▶ **GOAL OF THE EXERCISE**: Whenever "Required" appears in a line, please copy that line from the data.
************
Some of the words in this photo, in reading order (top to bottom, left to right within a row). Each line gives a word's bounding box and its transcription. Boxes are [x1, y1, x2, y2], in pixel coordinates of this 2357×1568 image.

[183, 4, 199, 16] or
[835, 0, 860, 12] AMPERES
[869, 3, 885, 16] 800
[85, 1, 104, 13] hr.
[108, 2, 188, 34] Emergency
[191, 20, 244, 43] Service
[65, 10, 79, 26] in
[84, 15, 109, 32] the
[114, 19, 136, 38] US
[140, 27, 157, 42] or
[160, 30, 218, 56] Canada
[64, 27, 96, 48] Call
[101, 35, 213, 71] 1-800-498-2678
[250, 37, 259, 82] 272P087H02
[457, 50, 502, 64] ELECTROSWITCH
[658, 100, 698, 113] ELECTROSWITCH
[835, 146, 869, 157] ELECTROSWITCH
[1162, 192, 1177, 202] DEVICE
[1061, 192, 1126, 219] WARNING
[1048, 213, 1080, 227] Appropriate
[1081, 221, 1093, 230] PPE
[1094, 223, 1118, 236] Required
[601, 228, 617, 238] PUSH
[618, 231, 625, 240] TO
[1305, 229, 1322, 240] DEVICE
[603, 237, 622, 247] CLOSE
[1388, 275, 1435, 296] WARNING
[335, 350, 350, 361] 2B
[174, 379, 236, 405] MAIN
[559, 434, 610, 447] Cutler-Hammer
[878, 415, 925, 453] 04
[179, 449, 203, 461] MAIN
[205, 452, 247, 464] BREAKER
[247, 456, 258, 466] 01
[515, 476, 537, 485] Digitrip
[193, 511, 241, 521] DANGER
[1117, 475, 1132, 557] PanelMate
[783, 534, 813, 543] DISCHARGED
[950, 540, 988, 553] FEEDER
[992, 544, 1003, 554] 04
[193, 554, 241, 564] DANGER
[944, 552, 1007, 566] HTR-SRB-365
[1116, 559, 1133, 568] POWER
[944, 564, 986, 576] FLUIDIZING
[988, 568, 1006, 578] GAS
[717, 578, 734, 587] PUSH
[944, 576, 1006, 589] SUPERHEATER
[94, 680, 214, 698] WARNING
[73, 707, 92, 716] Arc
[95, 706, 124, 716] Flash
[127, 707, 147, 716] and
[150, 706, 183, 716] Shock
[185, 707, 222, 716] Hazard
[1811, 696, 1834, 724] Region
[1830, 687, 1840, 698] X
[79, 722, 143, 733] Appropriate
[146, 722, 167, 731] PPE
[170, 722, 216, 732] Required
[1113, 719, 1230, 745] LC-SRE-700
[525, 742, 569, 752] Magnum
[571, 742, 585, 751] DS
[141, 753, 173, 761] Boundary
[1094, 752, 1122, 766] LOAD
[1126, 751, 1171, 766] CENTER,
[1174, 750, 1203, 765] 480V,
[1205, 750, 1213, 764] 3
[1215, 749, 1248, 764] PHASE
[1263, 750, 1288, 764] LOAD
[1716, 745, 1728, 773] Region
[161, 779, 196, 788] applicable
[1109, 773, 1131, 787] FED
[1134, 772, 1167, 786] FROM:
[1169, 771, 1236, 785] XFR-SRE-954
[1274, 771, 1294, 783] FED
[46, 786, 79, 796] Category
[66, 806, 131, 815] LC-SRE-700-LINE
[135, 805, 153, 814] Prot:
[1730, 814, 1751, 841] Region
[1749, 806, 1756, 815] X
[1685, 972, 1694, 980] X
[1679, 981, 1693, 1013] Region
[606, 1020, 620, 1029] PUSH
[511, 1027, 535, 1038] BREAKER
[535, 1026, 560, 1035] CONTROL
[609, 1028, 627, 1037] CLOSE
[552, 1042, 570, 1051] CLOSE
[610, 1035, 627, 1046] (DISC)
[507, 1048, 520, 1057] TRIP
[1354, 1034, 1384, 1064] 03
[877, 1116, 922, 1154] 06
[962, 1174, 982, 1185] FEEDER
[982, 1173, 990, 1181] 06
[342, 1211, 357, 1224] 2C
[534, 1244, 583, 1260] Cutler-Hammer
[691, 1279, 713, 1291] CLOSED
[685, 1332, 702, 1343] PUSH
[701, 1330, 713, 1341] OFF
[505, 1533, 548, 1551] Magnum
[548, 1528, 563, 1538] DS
************
▶ **REPLY TO THE TASK**:
[1094, 223, 1118, 236] Required
[170, 722, 216, 732] Required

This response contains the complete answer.